It was no small mystery for us, either. For all the people who considered us experts in music, remember that we were simply musicians when we started. And we had no small problems of our own.” He gestured at some of the other conductors in turn. “Bach spent a month in jail, trying to break a contract with his patron. Tchaikovsky suffered from several mental disorders. When Ludwig van Beethoven first conducted his Ninth Symphony, he never heard a single note, until he came back to life in this world.” The man smiled. “He still won't tell me if it sounded anything like he thought it would.”
Polite laughter.
When I came back a hundred and twelve years ago, my Welcoming Committee learned quickly who I was... And you know what? They refused to let me hear any music.” Their host declared. “I was furious! I was on the verge of violence.” He paused. “But I am so grateful to them now! Because the first music I ever heard from this world, was the Musical Introduction at the start of my first International Convention. It was a period of weeks, but that day and its Angelic Choir was my introduction to the New World! I knew then that I had so much left to learn in a field that I was meant to be an expert in!”

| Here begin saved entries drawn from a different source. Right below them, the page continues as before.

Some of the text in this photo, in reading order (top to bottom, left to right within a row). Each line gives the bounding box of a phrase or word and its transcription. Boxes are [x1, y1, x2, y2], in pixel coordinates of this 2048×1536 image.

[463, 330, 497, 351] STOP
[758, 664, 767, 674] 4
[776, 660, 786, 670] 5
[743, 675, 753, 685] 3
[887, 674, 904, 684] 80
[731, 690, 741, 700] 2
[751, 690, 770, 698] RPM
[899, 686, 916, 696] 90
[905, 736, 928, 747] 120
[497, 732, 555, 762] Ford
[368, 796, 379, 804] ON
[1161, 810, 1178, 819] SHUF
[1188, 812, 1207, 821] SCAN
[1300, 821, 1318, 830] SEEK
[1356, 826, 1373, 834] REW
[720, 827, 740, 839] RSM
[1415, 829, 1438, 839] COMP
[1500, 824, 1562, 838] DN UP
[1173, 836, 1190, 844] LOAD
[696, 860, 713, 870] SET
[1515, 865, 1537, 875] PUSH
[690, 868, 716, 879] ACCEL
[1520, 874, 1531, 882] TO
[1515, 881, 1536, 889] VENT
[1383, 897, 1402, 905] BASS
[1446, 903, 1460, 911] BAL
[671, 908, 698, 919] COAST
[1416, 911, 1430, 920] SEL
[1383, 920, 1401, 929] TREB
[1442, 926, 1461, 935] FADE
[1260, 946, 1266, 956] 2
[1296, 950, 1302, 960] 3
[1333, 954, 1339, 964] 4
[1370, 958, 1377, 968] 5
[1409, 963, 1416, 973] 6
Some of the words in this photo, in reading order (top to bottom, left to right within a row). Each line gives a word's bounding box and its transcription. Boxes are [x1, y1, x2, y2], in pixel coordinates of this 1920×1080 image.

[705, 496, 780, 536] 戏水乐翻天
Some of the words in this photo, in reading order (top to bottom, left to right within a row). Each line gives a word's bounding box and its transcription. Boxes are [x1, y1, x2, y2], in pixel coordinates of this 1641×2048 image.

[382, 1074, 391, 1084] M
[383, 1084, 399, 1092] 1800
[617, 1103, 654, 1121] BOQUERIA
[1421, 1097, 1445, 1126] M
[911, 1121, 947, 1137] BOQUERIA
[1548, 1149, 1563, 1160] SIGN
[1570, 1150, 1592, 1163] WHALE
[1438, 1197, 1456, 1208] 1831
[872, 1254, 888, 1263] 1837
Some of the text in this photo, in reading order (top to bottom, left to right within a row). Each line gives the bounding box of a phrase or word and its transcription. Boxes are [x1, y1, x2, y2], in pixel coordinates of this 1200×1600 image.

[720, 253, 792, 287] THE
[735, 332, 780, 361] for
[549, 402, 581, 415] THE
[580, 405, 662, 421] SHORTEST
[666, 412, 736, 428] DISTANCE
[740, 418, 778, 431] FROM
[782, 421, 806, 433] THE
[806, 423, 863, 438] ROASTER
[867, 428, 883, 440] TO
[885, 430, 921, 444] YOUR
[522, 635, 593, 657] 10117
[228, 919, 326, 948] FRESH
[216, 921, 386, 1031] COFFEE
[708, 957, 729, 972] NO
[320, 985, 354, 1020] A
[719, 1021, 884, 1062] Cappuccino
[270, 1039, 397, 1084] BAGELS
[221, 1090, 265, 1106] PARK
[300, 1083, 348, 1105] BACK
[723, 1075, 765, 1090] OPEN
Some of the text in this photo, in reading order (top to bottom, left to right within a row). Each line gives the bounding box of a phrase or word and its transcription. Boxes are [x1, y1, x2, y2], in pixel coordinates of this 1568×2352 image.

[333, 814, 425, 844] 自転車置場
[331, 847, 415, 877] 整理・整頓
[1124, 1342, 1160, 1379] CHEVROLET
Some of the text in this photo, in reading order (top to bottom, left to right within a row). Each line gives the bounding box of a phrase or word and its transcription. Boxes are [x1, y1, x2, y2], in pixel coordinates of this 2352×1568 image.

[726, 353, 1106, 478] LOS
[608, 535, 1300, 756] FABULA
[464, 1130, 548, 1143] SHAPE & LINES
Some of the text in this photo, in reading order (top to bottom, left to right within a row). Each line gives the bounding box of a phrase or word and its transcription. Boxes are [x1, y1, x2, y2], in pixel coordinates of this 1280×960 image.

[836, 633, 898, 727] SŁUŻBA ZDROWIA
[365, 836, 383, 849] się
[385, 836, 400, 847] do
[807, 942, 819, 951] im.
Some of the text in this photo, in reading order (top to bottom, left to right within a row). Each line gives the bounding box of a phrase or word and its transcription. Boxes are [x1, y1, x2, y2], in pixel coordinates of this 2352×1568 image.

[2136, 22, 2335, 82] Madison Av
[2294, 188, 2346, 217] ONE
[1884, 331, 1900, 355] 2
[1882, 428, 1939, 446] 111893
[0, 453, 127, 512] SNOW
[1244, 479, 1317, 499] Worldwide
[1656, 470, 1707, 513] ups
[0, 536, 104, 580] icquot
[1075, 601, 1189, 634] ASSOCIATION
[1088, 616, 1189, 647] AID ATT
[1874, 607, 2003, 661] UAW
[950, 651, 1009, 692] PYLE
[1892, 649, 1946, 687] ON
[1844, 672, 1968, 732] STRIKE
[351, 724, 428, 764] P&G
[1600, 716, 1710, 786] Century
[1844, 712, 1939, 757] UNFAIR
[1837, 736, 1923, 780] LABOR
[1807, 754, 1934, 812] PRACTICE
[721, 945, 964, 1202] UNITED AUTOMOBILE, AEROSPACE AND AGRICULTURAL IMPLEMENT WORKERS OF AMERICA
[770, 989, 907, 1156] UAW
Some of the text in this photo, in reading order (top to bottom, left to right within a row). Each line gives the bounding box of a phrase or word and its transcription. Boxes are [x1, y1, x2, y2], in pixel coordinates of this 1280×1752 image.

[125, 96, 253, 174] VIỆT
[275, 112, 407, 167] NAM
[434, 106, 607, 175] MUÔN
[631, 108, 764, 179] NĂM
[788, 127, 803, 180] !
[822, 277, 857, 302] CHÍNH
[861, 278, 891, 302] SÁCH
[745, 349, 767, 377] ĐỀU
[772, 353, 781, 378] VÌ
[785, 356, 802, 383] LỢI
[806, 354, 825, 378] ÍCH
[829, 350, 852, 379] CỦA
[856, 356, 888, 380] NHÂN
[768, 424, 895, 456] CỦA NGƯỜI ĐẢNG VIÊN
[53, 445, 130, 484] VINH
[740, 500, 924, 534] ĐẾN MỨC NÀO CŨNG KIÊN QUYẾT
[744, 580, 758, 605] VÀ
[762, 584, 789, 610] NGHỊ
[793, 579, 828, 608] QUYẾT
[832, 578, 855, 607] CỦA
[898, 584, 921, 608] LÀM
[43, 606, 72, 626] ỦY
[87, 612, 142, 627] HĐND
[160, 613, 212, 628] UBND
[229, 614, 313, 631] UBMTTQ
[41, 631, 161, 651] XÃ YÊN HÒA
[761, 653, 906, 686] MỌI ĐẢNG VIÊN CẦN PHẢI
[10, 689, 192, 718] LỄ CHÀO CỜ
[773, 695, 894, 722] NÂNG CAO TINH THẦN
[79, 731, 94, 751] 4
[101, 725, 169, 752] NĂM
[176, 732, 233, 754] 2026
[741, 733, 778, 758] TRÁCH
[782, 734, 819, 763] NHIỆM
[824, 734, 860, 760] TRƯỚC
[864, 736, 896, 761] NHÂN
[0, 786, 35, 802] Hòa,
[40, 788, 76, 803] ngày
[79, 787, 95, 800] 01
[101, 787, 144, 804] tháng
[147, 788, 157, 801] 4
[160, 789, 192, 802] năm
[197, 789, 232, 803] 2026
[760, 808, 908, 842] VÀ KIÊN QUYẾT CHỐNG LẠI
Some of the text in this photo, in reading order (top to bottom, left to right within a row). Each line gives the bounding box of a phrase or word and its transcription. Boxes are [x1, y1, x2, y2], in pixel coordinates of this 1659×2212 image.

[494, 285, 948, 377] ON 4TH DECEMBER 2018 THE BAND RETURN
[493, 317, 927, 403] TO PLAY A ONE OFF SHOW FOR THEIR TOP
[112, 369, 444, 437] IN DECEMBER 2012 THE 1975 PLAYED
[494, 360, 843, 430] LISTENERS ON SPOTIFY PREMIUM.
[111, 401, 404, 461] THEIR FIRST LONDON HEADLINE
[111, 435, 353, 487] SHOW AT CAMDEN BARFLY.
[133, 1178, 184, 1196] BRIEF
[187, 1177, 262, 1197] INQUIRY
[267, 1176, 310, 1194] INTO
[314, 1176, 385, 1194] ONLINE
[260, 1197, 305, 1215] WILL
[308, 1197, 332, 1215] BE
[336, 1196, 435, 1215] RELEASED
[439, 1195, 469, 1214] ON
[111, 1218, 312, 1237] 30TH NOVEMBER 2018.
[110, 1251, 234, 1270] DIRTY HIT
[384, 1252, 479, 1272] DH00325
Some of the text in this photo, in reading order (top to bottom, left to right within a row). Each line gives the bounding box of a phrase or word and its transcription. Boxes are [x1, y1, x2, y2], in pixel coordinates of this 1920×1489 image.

Stronger applause. Megan was turning her head left and right, looking at the strangely shaped ceilings. It felt like the applause was coming from everywhere.
Music is the one art of Heaven that is given to the Earth. And since the sincere adoration of his faithful ones is so pleasing to Jehovah, it’s the one art-form that can be given back in return.” Their host declared. “God did not make his angels, or his humans to be robots. You were made to feel. And you were not made to be unthinking, acting only on emotion and whim; because he put eternity into your hearts. When your mind and heart are united in something, you understand the nature of your soul.
And that is why Music is the art of Heaven, my brothers and sisters. It touches all parts of the human brain at once, so it invokes ideas, and feelings, and memories, and imagination and creativity at the same time. A single song can unlock a thousand memories in man, and we have all lived a single lifetime. Ask yourself what kind of music can someone make after creating the universe?
Music is a mystery that I fear we may never fully solve... But the men who are here with me tonight will spend eternity trying!” He smiled. “And that is why, we have called tonight's concert: The Denouement.”
A round of applause rang out.
A few moments later, the music began. It rose and swelled and rang off the walls and ceiling, until Megan was spinning around, trying to find the source of the music that seemed to come from the air itself. Looking around, she could see the audience having the same reaction, swaying with it, eyes closed; giving themselves over to the music.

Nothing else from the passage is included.